* Exercise instructions
Select from the records below every line that has the word "text" in it.

* Material for this exercise
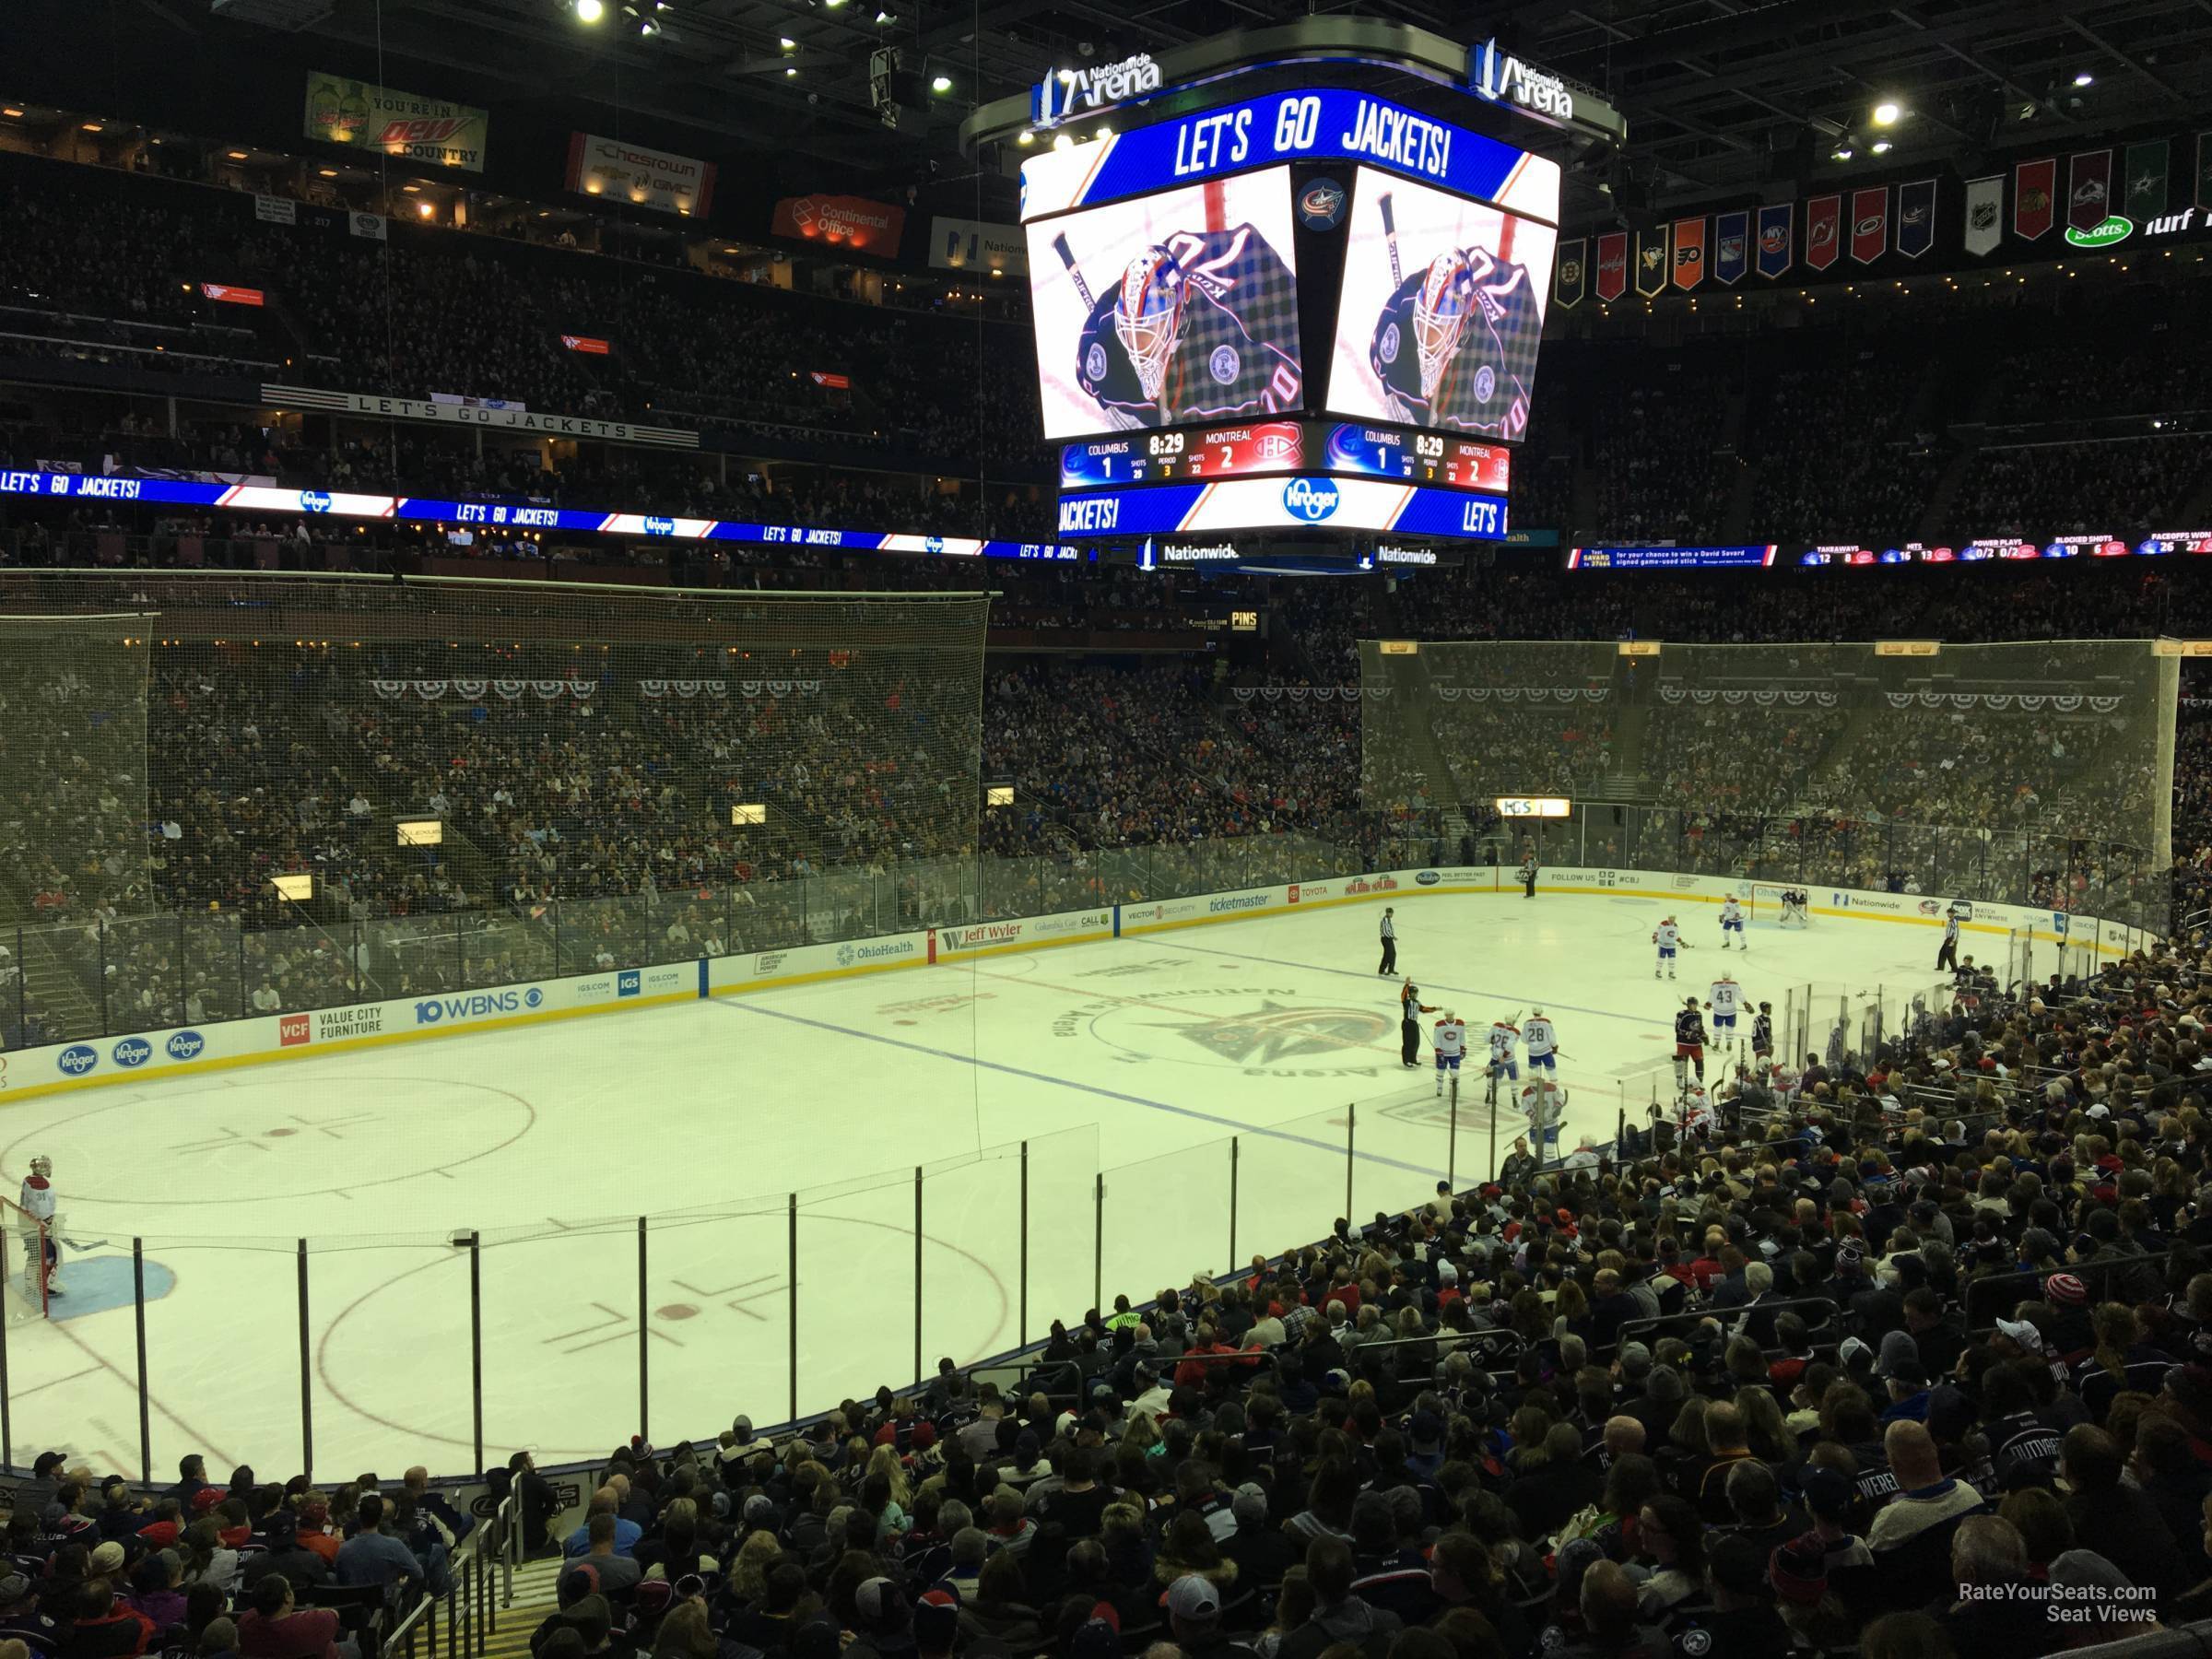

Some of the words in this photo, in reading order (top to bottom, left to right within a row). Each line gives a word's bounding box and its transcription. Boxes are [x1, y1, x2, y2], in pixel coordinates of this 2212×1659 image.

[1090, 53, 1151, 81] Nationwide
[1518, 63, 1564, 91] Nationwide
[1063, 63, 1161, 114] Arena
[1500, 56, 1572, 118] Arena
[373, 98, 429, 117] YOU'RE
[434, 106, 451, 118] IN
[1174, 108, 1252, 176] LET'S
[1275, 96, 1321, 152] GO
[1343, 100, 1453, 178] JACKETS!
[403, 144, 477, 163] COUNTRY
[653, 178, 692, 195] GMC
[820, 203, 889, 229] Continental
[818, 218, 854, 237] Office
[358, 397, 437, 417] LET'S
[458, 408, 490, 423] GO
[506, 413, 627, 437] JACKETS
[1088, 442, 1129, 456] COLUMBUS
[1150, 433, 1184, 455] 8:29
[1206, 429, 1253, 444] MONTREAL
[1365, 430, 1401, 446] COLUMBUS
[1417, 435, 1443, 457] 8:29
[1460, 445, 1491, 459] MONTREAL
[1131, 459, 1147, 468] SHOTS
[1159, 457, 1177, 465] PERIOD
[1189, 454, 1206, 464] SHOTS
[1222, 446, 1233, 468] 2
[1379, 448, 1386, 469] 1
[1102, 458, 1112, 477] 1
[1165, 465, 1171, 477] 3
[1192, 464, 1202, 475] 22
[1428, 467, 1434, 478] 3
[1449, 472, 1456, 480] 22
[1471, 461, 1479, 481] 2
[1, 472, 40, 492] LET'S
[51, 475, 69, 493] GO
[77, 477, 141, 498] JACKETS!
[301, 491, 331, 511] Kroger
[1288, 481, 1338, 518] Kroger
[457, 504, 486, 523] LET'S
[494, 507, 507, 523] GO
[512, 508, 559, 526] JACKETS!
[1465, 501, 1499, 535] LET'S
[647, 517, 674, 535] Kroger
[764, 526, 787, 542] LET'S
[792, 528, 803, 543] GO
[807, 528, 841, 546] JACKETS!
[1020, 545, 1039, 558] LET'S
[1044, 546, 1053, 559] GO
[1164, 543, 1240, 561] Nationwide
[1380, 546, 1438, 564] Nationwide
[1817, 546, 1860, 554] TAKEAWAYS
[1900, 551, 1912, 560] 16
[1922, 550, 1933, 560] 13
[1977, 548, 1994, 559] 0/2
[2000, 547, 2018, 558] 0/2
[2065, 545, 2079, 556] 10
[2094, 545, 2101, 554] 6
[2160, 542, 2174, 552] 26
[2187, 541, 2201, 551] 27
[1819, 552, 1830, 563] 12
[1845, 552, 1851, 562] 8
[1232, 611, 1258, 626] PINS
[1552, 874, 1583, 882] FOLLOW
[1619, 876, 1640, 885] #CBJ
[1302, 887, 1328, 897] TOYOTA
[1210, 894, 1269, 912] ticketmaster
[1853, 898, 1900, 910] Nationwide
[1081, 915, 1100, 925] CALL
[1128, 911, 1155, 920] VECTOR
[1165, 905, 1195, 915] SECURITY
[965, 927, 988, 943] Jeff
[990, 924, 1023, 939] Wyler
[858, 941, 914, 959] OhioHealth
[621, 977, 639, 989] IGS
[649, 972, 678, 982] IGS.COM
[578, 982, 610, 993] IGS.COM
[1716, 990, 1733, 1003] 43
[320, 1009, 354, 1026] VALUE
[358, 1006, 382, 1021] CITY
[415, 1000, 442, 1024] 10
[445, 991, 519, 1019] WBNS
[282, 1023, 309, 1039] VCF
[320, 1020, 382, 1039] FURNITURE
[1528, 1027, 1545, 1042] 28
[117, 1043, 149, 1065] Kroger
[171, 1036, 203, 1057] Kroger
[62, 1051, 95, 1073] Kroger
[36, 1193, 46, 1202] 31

---

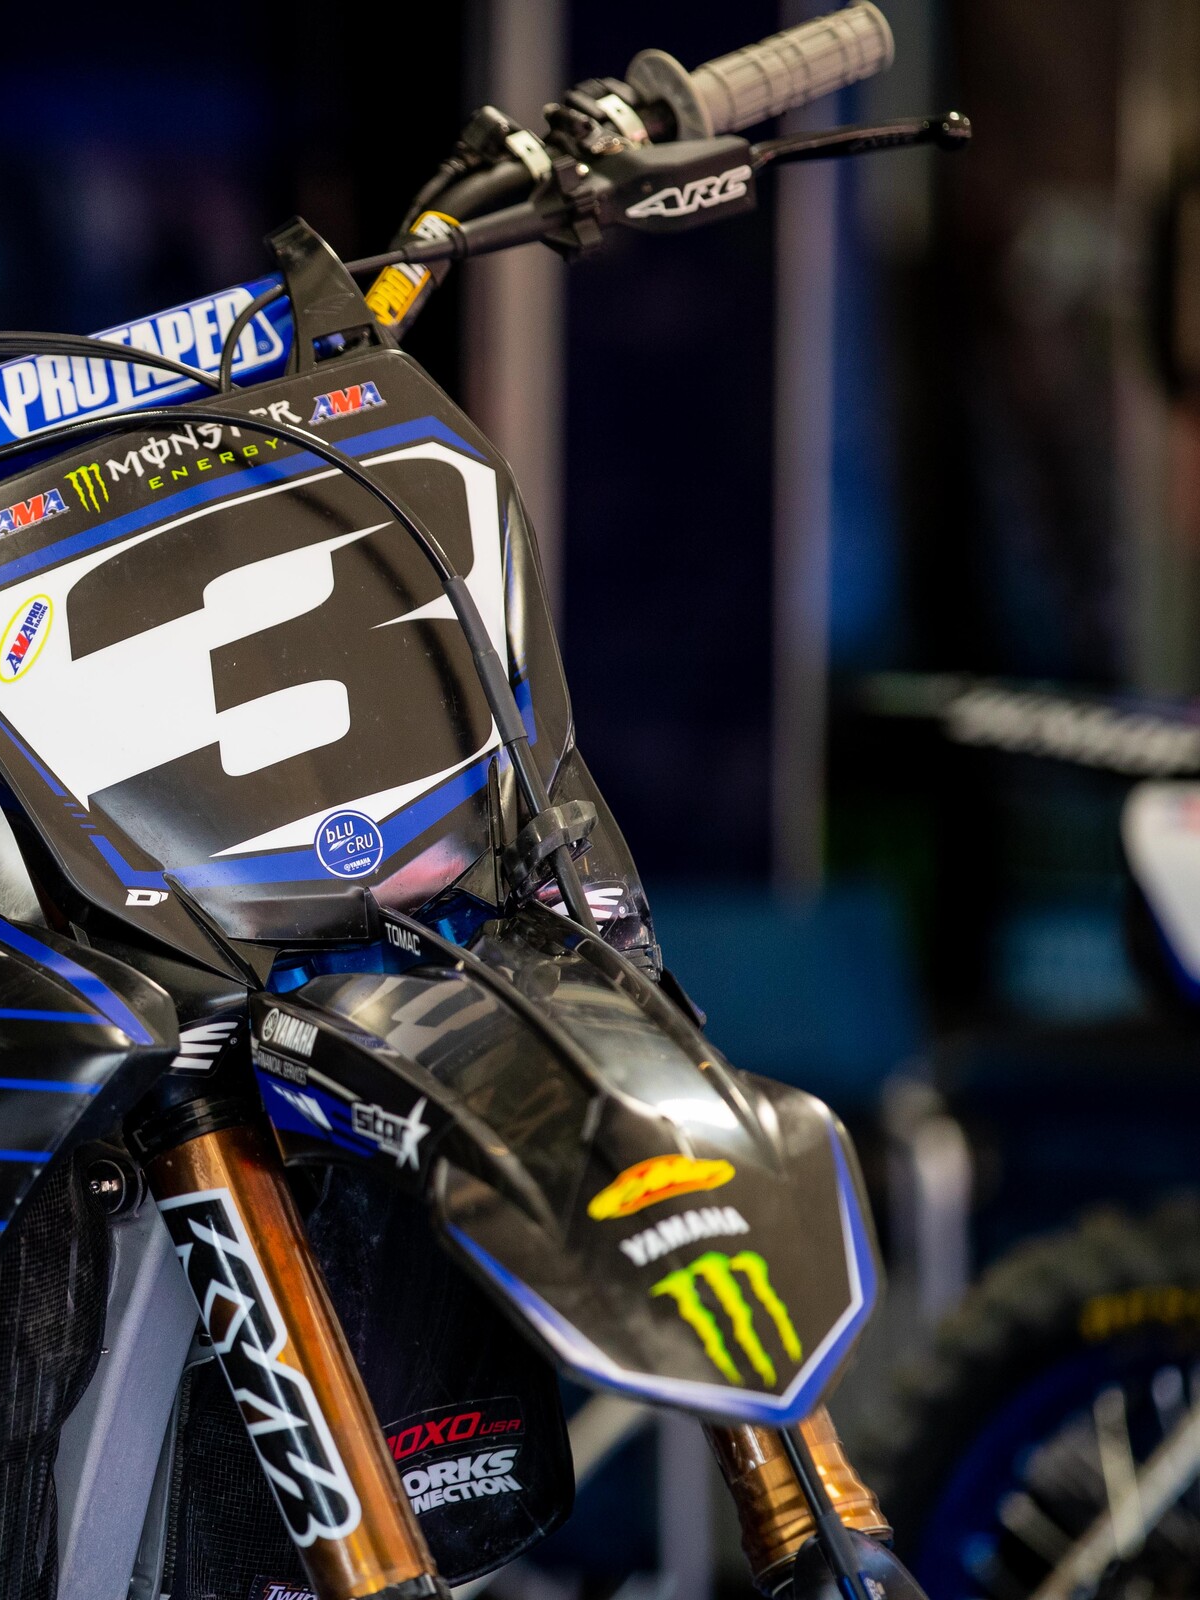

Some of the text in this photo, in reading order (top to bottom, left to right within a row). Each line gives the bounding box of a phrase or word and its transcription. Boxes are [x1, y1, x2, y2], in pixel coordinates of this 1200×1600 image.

* * *

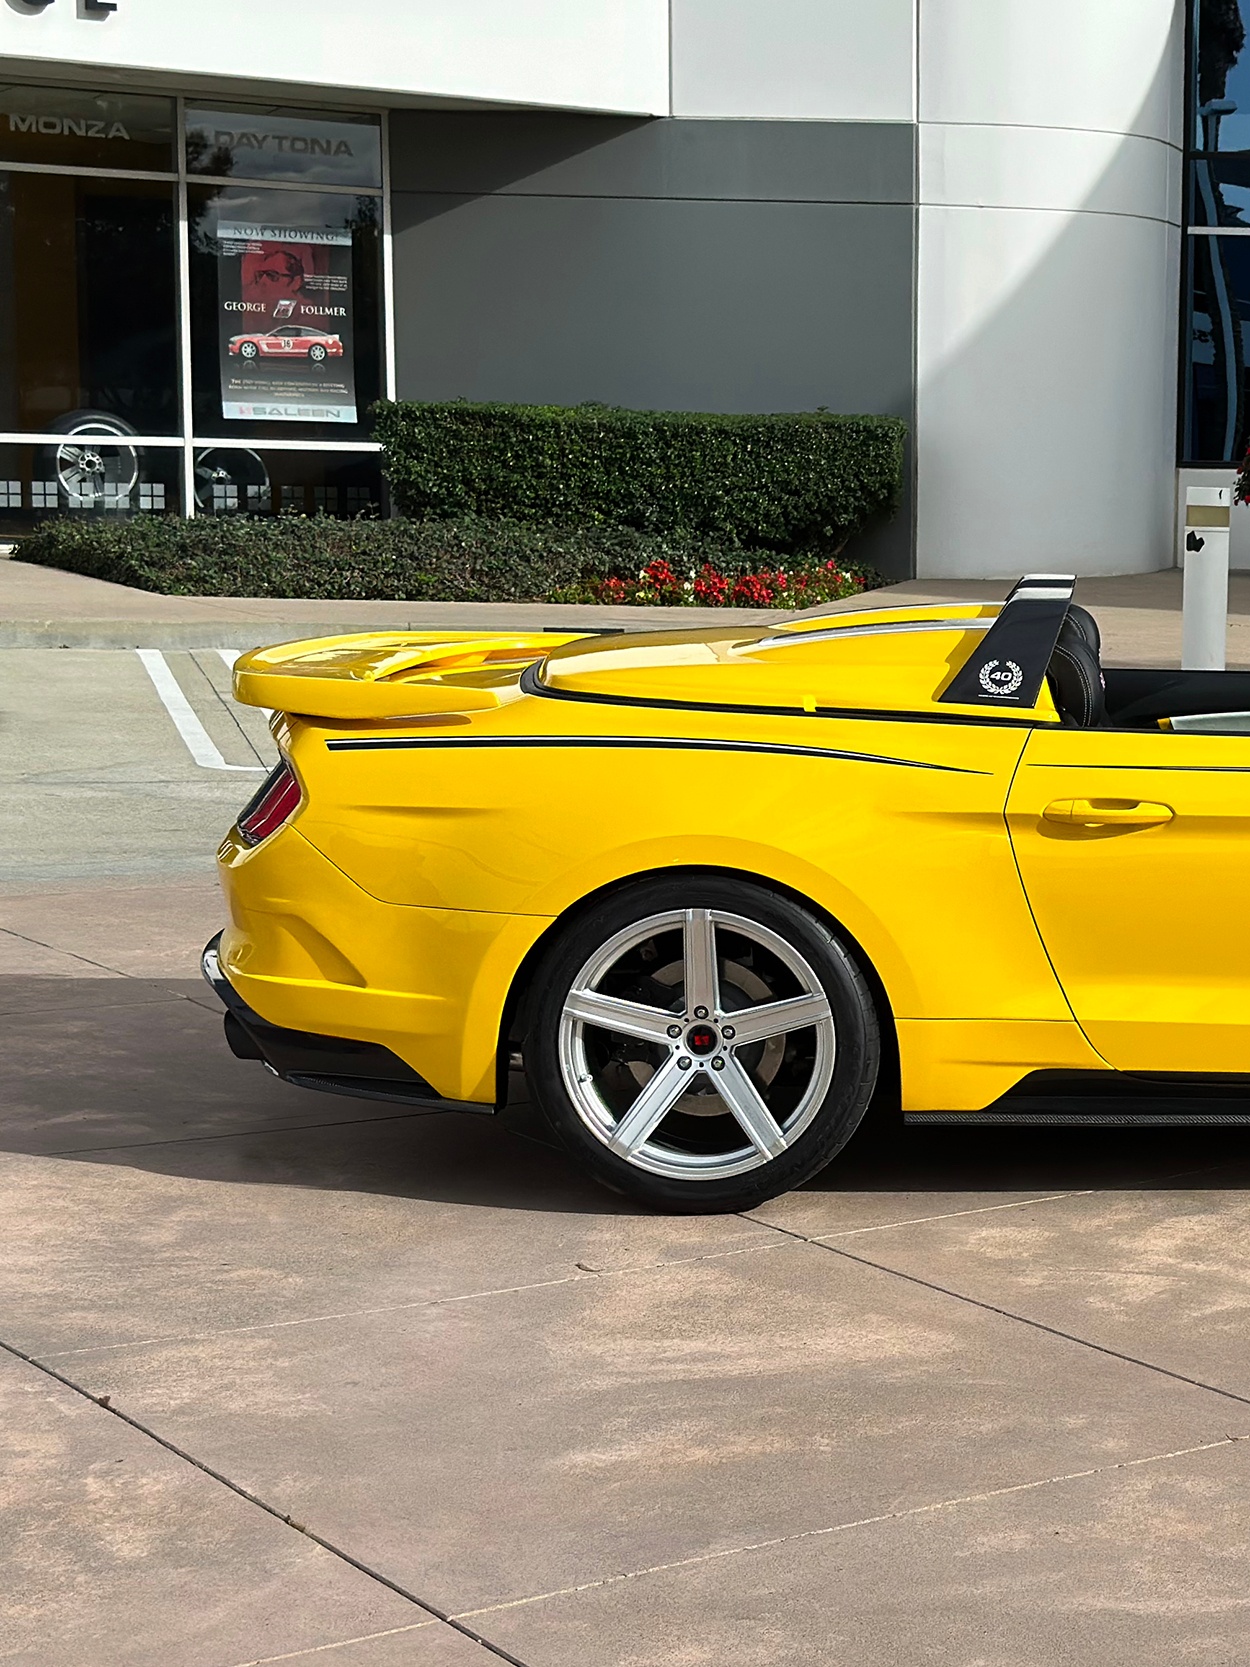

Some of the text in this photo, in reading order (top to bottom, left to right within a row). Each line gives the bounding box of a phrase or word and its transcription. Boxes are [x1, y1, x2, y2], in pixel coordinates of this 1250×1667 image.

* Exercise result
Some of the text in this photo, in reading order (top to bottom, left to right within a row). Each line gives the bounding box of a phrase or word and its transcription. Boxes are [x1, y1, x2, y2], in pixel coordinates of this 1200×1600 image.
Some of the text in this photo, in reading order (top to bottom, left to right within a row). Each line gives the bounding box of a phrase or word and its transcription. Boxes are [x1, y1, x2, y2], in pixel coordinates of this 1250×1667 image.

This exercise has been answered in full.